Constitutive activation of the Wnt signaling pathway is a hallmark of many cancers, including familial adenomatous polyposis (FAP)-related desmoid tumors. Endostatin is a well-known antiangiogenic protein that has been described recently as a potential inhibitor of this signaling pathway. Here, we show that endostatin directly induces apoptosis and inhibits the Wnt signaling pathway in colorectal cancer cell lines bearing mutations on the adenomatous polyposis coli (APC) gene as a model of FAP-related malignant cells. We then explore the relationship between apoptosis and inhibition of this pathway and show that they are not correlated. These results seem to contradict a well-recognized study, showing that reintroduction of the APC cDNA in APC-deficient cells leads to apoptosis.
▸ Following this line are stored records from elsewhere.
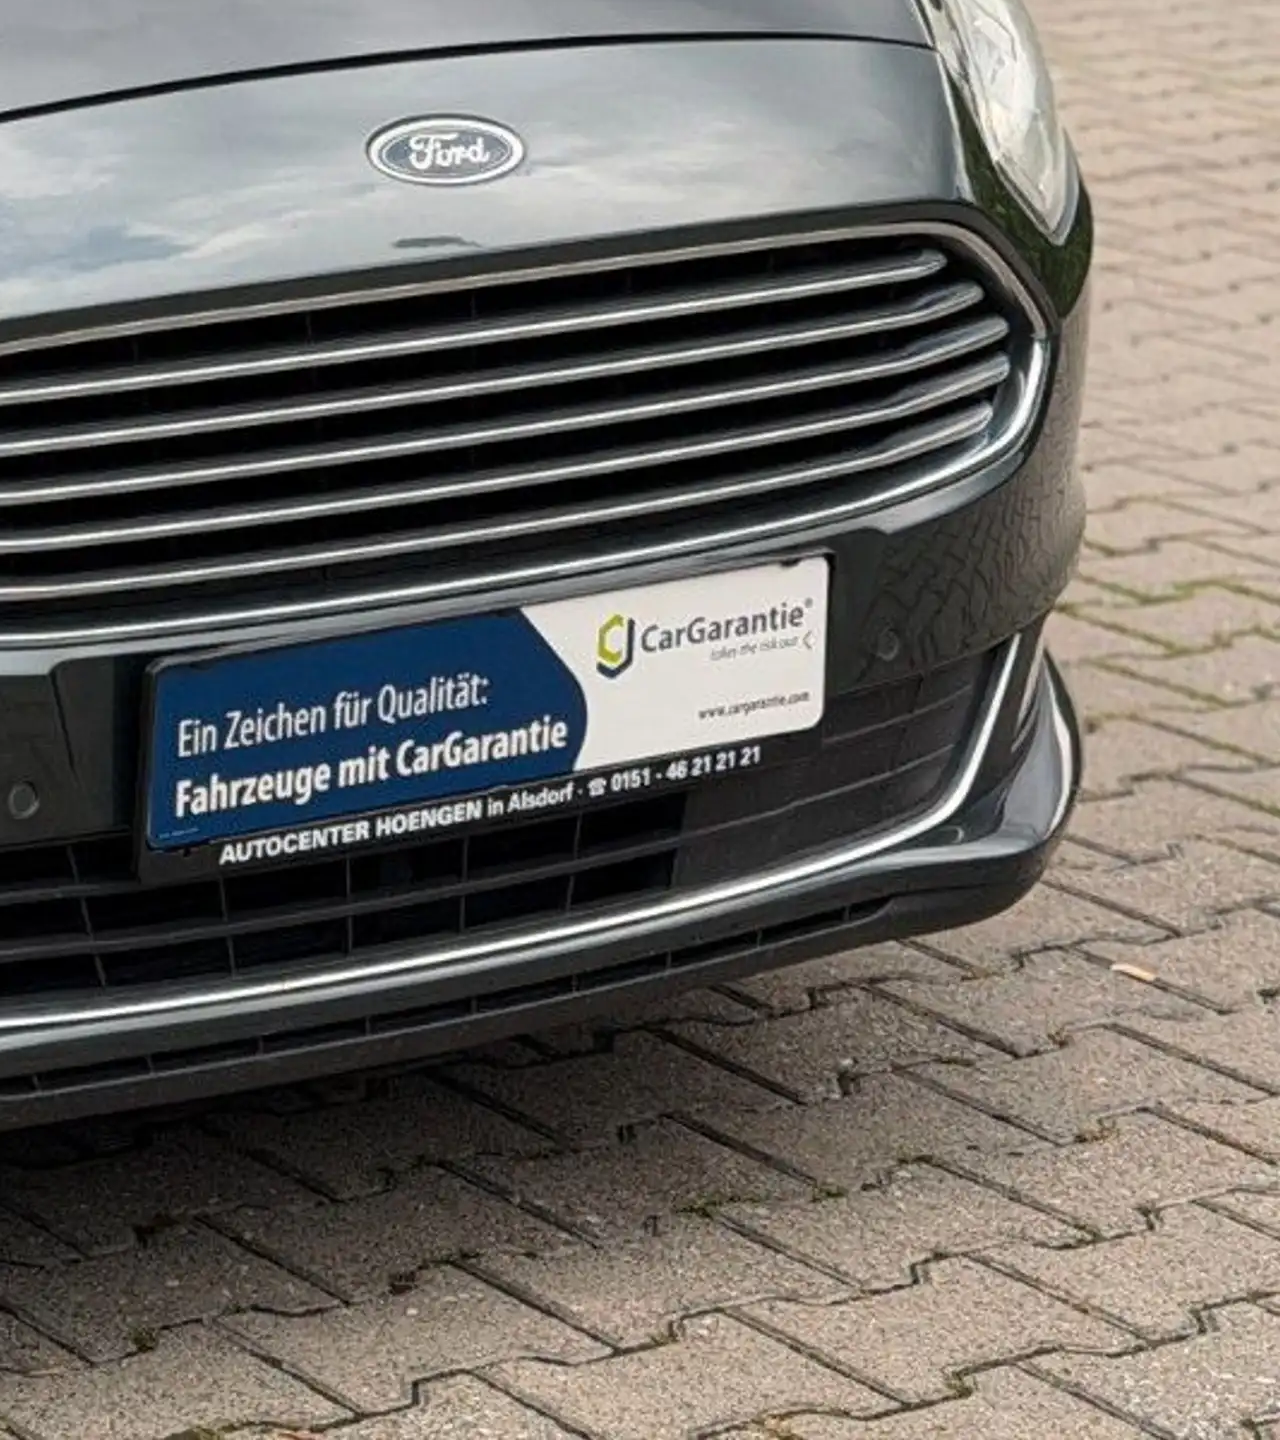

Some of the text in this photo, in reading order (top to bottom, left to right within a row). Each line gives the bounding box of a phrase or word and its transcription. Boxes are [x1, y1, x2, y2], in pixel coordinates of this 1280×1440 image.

[409, 132, 491, 170] Ford
[739, 641, 758, 656] the
[759, 637, 777, 652] risk
[779, 634, 799, 649] out
[178, 672, 489, 757] Ein Zeichen für Qualität:
[698, 690, 811, 720] www.cargarantie.com
[176, 715, 568, 818] Fahrzeuge mit CarGarantie
[219, 820, 369, 865] AUTOCENTER
[376, 799, 482, 837] HOENGEN
[487, 797, 504, 817] in
[507, 781, 575, 814] Alsdorf
[610, 767, 651, 792] 0151
[665, 760, 688, 781] 46
[692, 755, 713, 777] 21
[716, 750, 737, 772] 21
[740, 745, 762, 766] 21
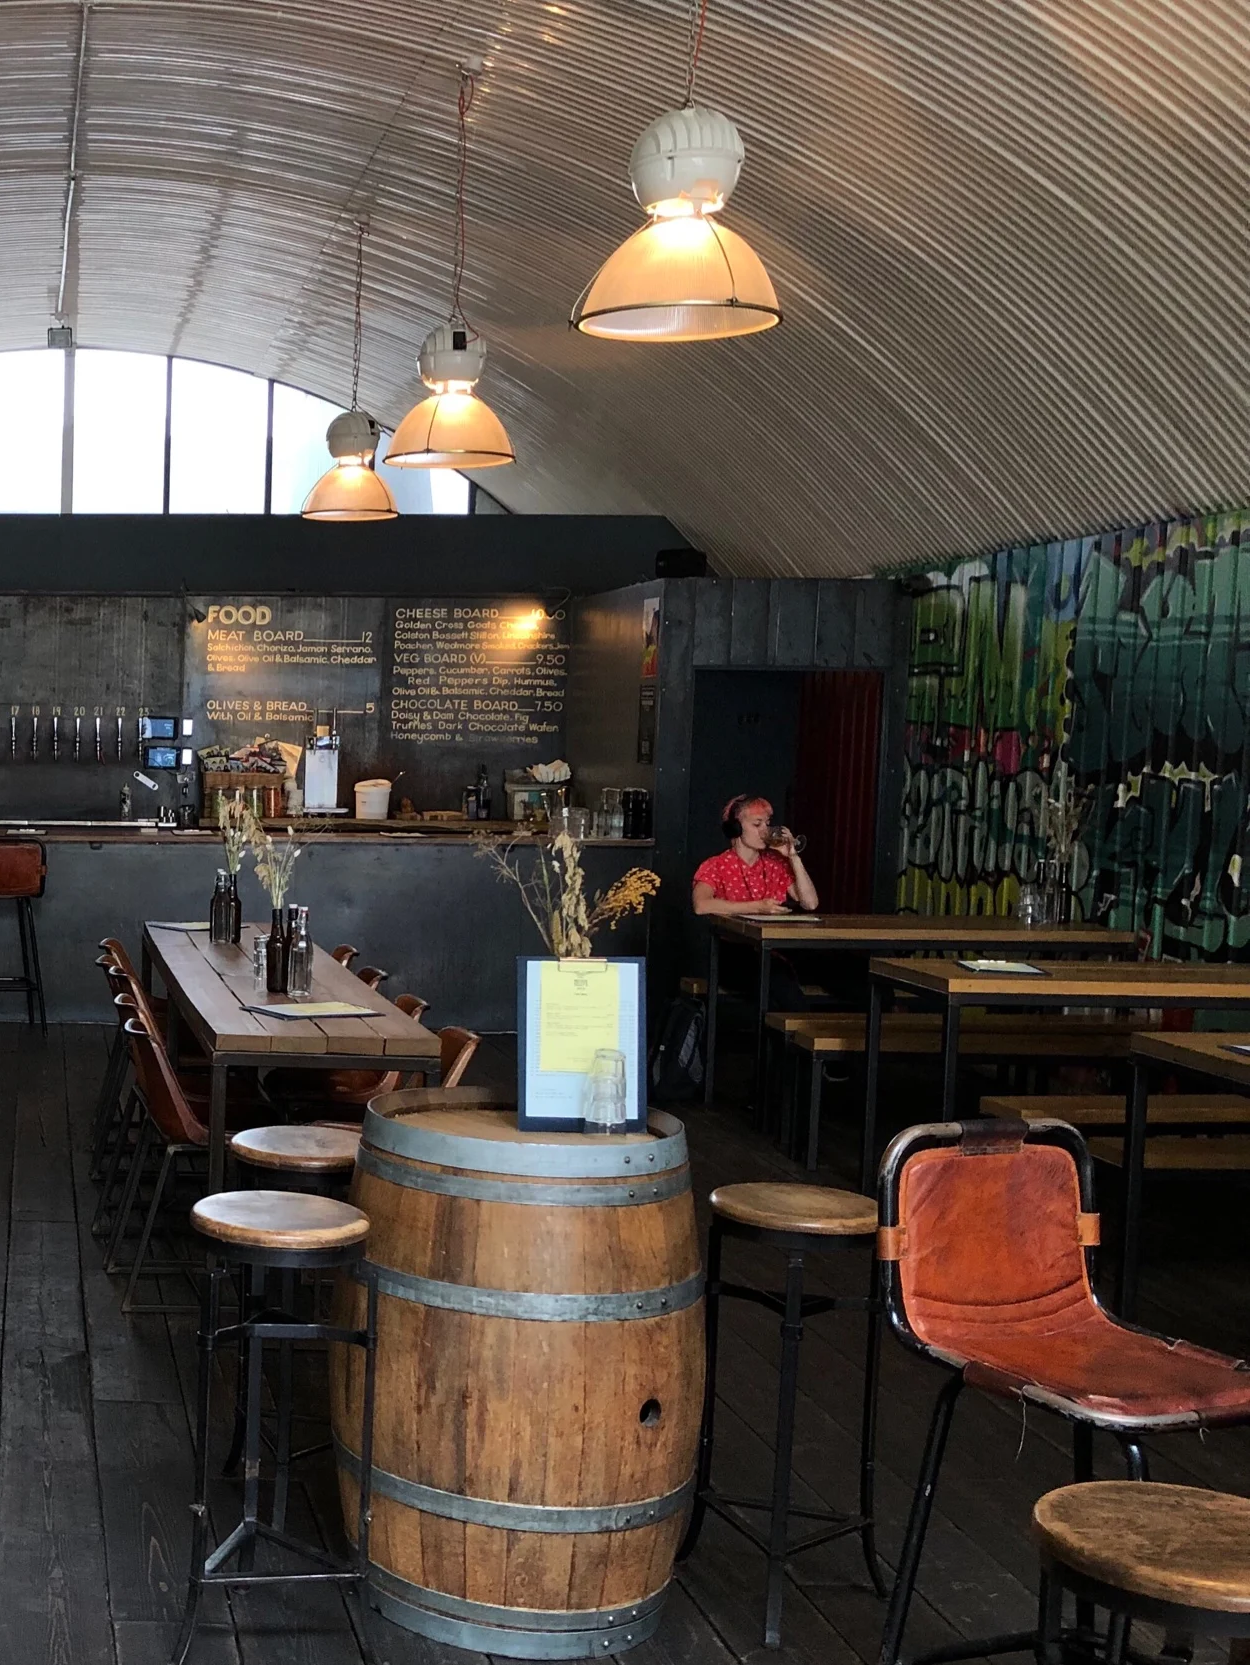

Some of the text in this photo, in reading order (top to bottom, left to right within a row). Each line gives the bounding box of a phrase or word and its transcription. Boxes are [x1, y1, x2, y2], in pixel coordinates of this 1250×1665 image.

[207, 605, 272, 625] FOOD
[395, 608, 448, 619] CHEESE
[454, 608, 499, 619] BOARD
[395, 621, 432, 629] Golden
[435, 621, 463, 629] Cross
[467, 621, 496, 629] Goats
[207, 630, 372, 643] MEAT BOARD 12
[394, 631, 430, 640] Colston
[298, 644, 327, 653] Jamon
[436, 642, 480, 650] Wedmore
[237, 654, 260, 663] Olive
[262, 654, 274, 663] Oil
[394, 653, 566, 665] VEG BOARD (V) 9.50
[216, 664, 245, 672] Bread
[407, 677, 430, 685] Red
[439, 676, 488, 686] Peppers
[392, 687, 416, 696] Olive
[535, 688, 565, 698] Bread
[11, 706, 20, 715] 17
[32, 706, 40, 716] 18
[52, 706, 61, 716] 19
[74, 706, 85, 716] 20
[94, 707, 103, 716] 21
[116, 707, 126, 716] 22
[138, 707, 149, 716] 23
[207, 700, 375, 713] OLIVES & BREAD 5
[391, 699, 563, 712] CHOCOLATE BOARD 7.50
[207, 711, 314, 722] With Oil & Balsamic
[391, 711, 420, 722] Daisy
[423, 711, 432, 720] &
[433, 712, 454, 720] Dam
[515, 713, 529, 724] Fig
[391, 721, 433, 730] Truffles
[438, 721, 463, 730] Dark
[468, 722, 526, 732] Chocolate
[390, 732, 538, 744] Honeycomb & Strawerries
To reconcile our conclusions with the literature, we further show that a truncated fragment of APC capable of inhibiting the Wnt signaling pathway in SW480 cells is incapable of inducing apoptosis in these cells, confirming that APC-mediated apoptosis is uncoupled to the inhibition of the Wnt signaling pathway. Finally, we show that endostatin directly induces cell death on primary FAP-related desmoid tumor cells in culture. This phenomenon is also independent of the inhibition of the Wnt signaling pathway. Considering the current lack of effective treatment against desmoid tumors, we advocate that endostatin gene therapy represents an attractive new therapeutic approach for this disease.